Understanding High-Control Groups: What Clinicians Need to Know
Recently, I had the privilege of presenting to the Mental Health Nurse Practitioner Special Interest Group on a topic that is rarely discussed openly, yet affects far more people than we often realise: high-control groups — how they recruit, how they retain, and how we can support people who are trying to leave.
High-control groups are deeply misunderstood. The word “cult” conjures images of isolated communities or extreme belief systems, but in reality these dynamics often hide in plain sight. They can emerge in:
wellness or spiritual communities
coaching programs or “containers”
religious or ideological groups
multi-level marketing structures
intimate relationships with increasing control
workplaces or family systems
What unites them is not the content of the belief, but the degree of control exercised over a person’s autonomy.

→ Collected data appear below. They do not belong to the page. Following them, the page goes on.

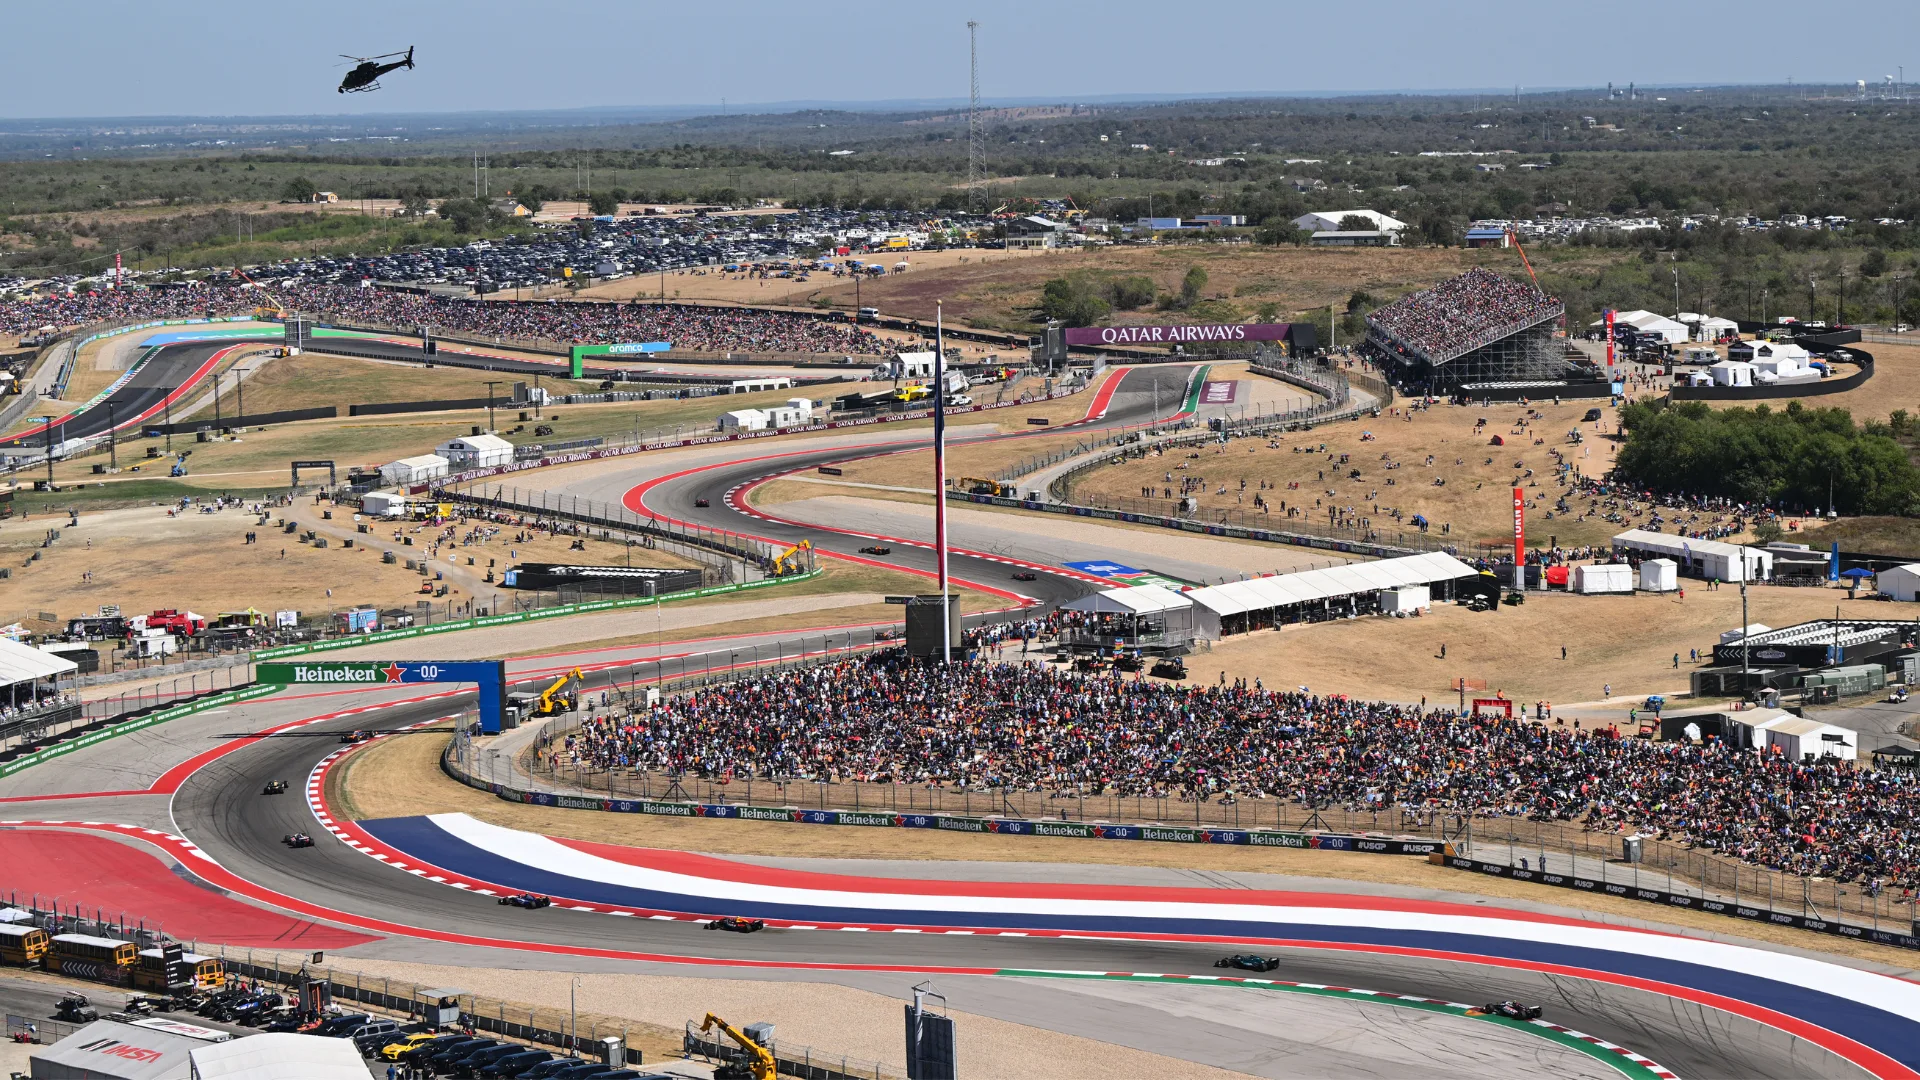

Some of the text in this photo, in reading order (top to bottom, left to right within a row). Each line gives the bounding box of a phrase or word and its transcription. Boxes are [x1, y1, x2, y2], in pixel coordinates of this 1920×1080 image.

[1102, 325, 1245, 344] QATAR AIRWAYS
[609, 344, 642, 353] aramco
[294, 666, 377, 682] Heineken
[557, 796, 598, 810] Heineken
[643, 803, 691, 815] Heineken
[740, 808, 789, 821] Heineken
[839, 813, 888, 826] Heineken
[938, 819, 982, 832] Heineken
[1035, 824, 1088, 837] Heineken
[1142, 829, 1195, 842] Heineken
[1249, 834, 1304, 847] Heineken
[1878, 932, 1892, 941] MSC
[1906, 937, 1920, 946] MSC
[101, 1044, 164, 1064] IMSA
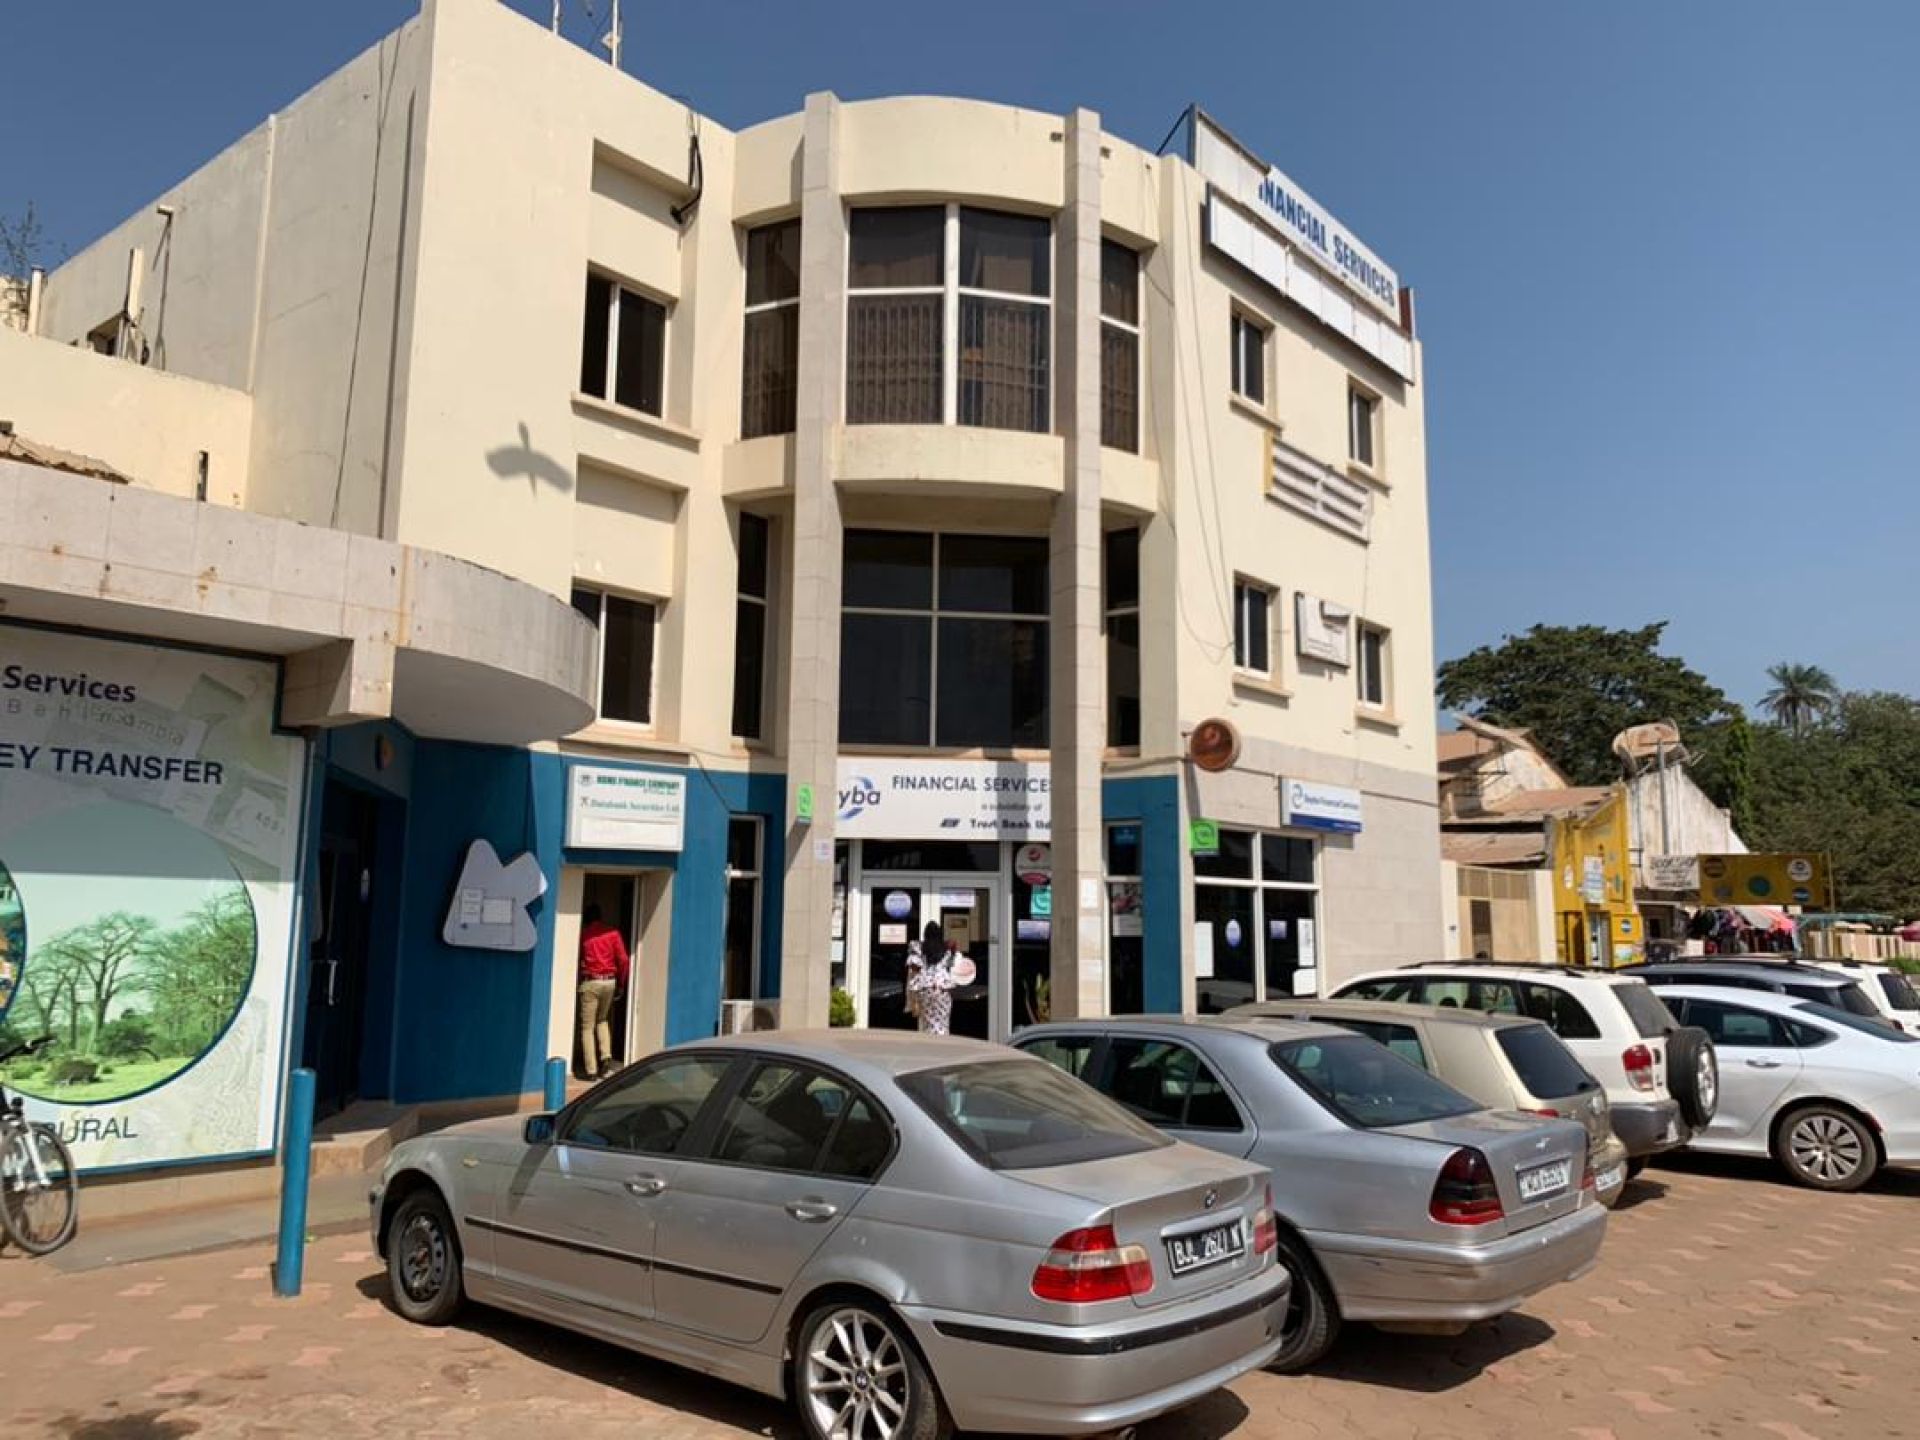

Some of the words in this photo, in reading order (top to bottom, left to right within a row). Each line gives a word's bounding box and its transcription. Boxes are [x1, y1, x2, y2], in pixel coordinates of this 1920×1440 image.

[1333, 234, 1395, 307] SERVICES
[3, 664, 136, 703] Services
[50, 747, 224, 785] TRANSFER
[891, 775, 977, 792] FINANCIAL
[984, 776, 1053, 793] SERVICE
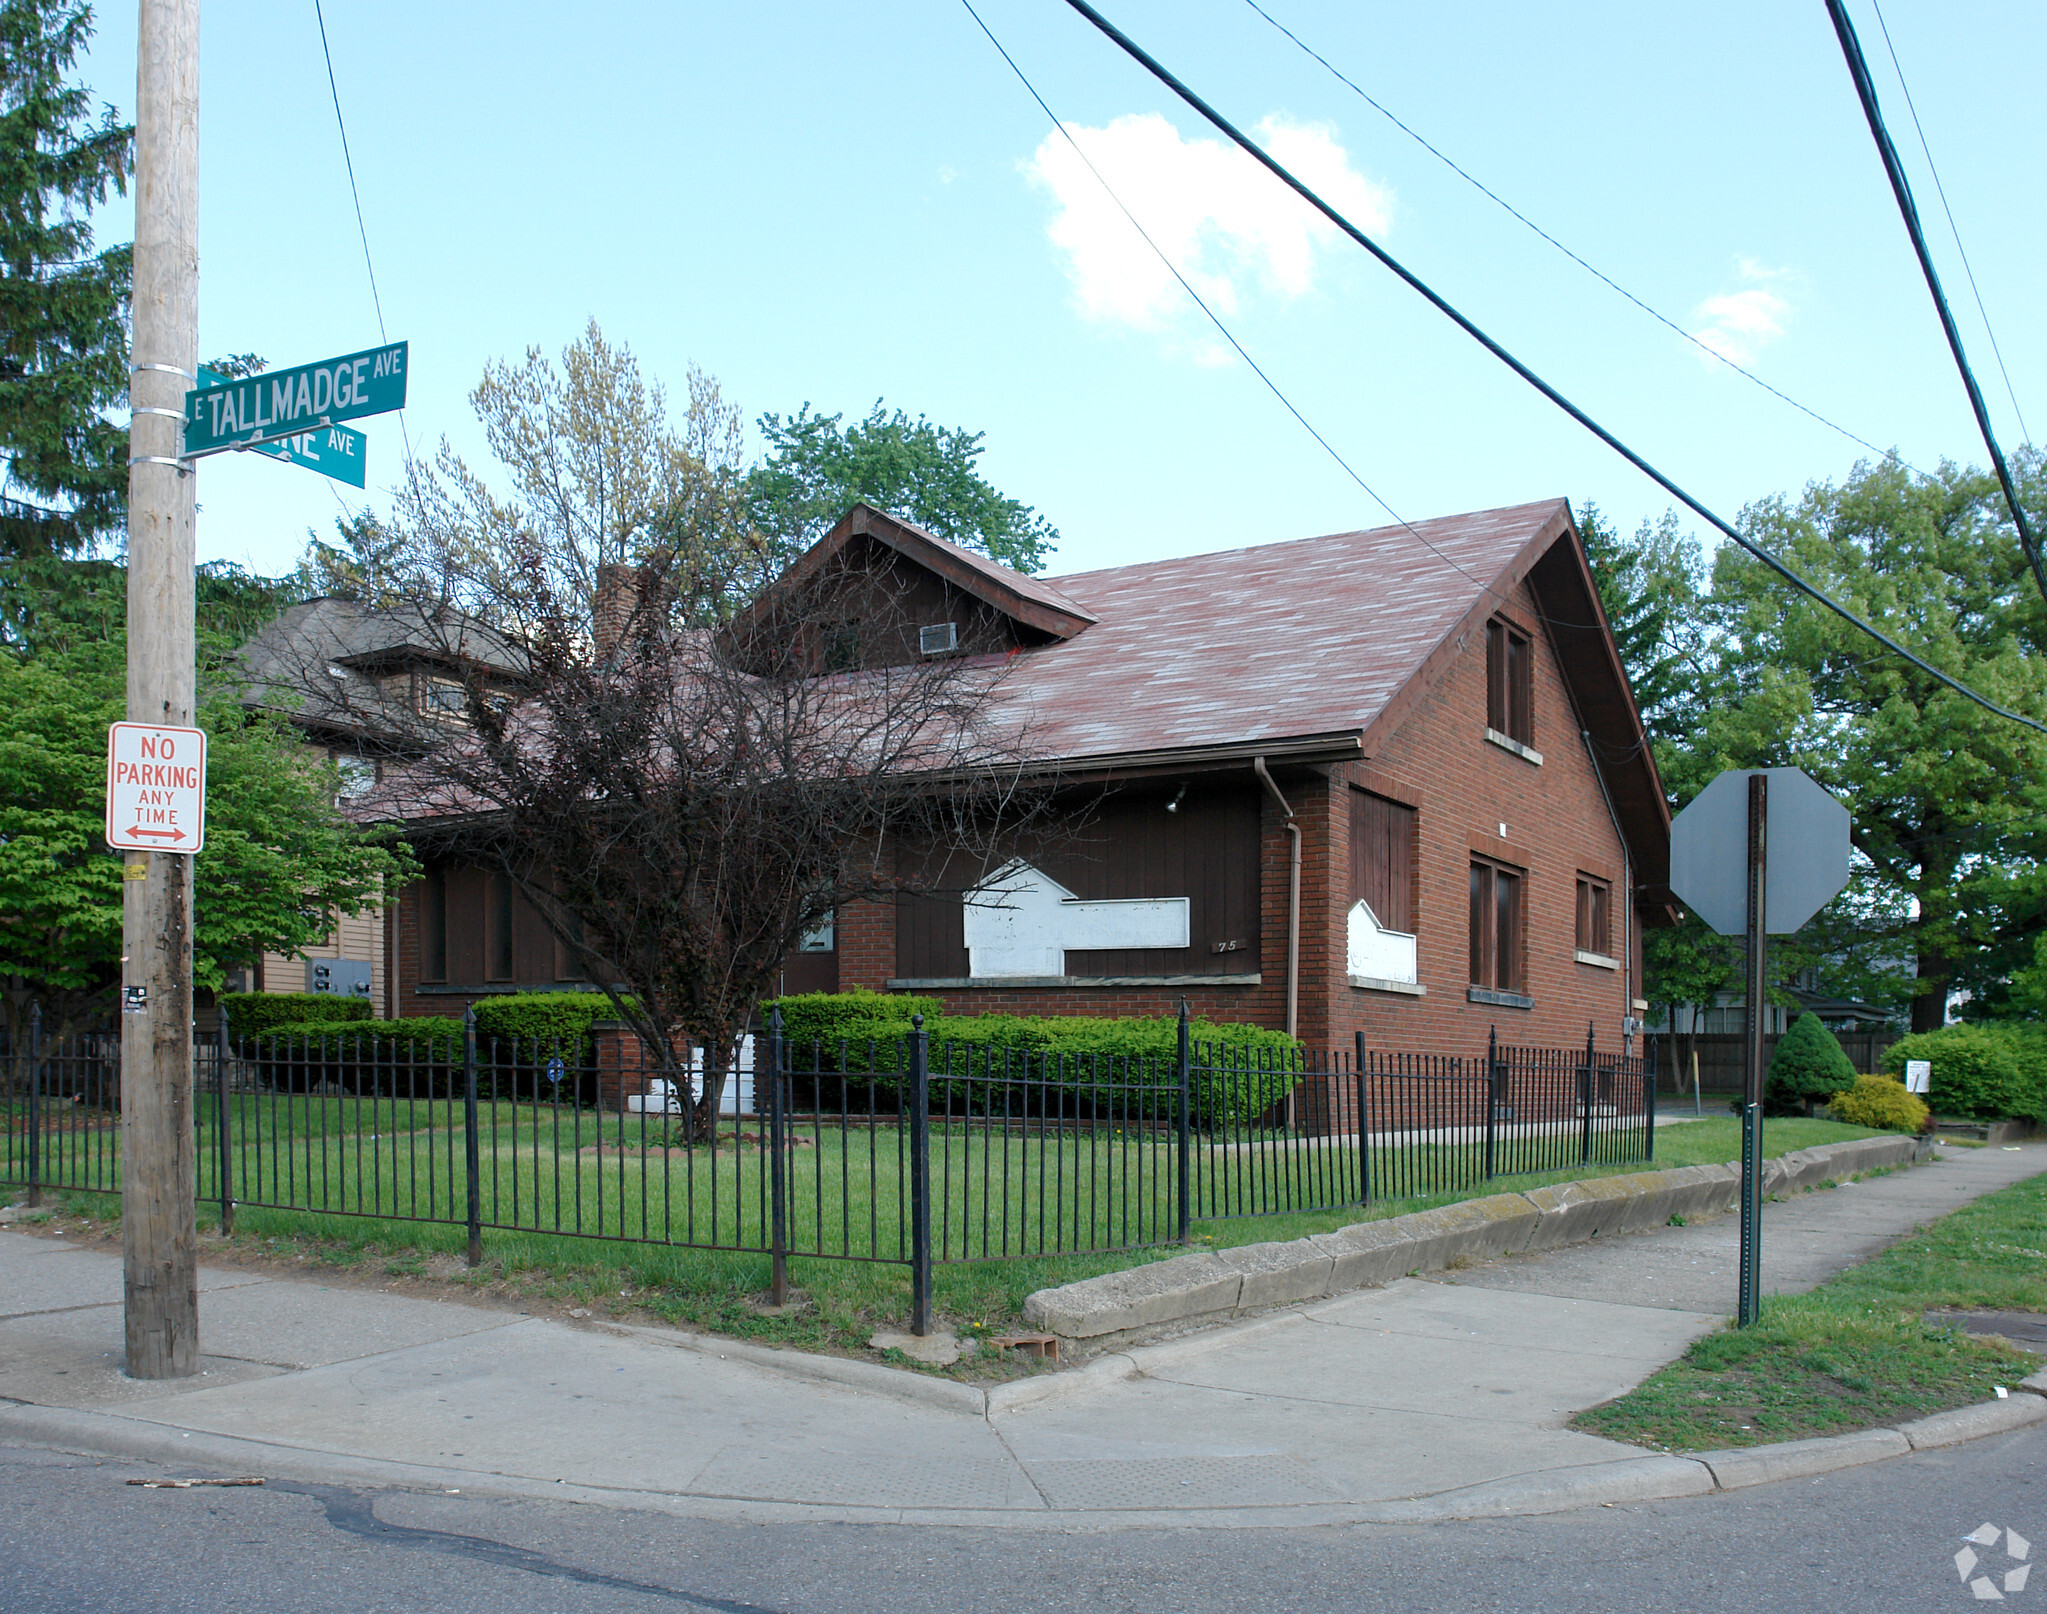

Common Dynamics of High-Control Systems
Across different settings, similar patterns tend to emerge:
Restriction of freedom — limiting choices, movement, or independent decision-making
Erosion of critical thinking — discouraging questions or dissent
Shame-based compliance — using guilt, fear, or moral purity to enforce behaviour
Control of language, relationships, time, money, or belief — shaping a person’s entire framework for understanding themselves and the world
These dynamics can slowly dismantle a person’s sense of self, leaving them vulnerable, isolated, or dependent on the group or individual exerting control.
Clinical Implications: Assessment, Risk, Consent, and Recovery
For Mental Health Nurse Practitioners and other clinicians, these situations raise complex questions:
How do we assess someone who is still embedded in a high-control system?
How do we work with consent when autonomy is compromised?
How do we differentiate between belief, coercion, trauma response, and identity?
How do we support recovery without imposing our own agenda or replicating controlling dynamics?
People who are exiting high-control groups often arrive with a combination of trauma, identity confusion, attachment injuries, and practical barriers such as housing, finances, or social isolation.
They need autonomy-building, trauma-informed care — not rescuing, moralising, or pathologising.
Our role is to help them rediscover their own agency, rebuild critical thinking, reclaim relationships, and reconnect with personal meaning outside of the system they left.
A Growing Area of Clinical Need
I’m grateful to the SIG for the invitation and the rich, thoughtful discussion. It’s encouraging to see how many clinicians are ready to deepen their understanding of high-control groups, coercive influence, and post-exit recovery.
This is an area where stigma and misconception have kept people silent for far too long.
If you work clinically in mental health, this topic is worth your attention — not only for your clients, but for the broader conversation around safety, autonomy, and informed care.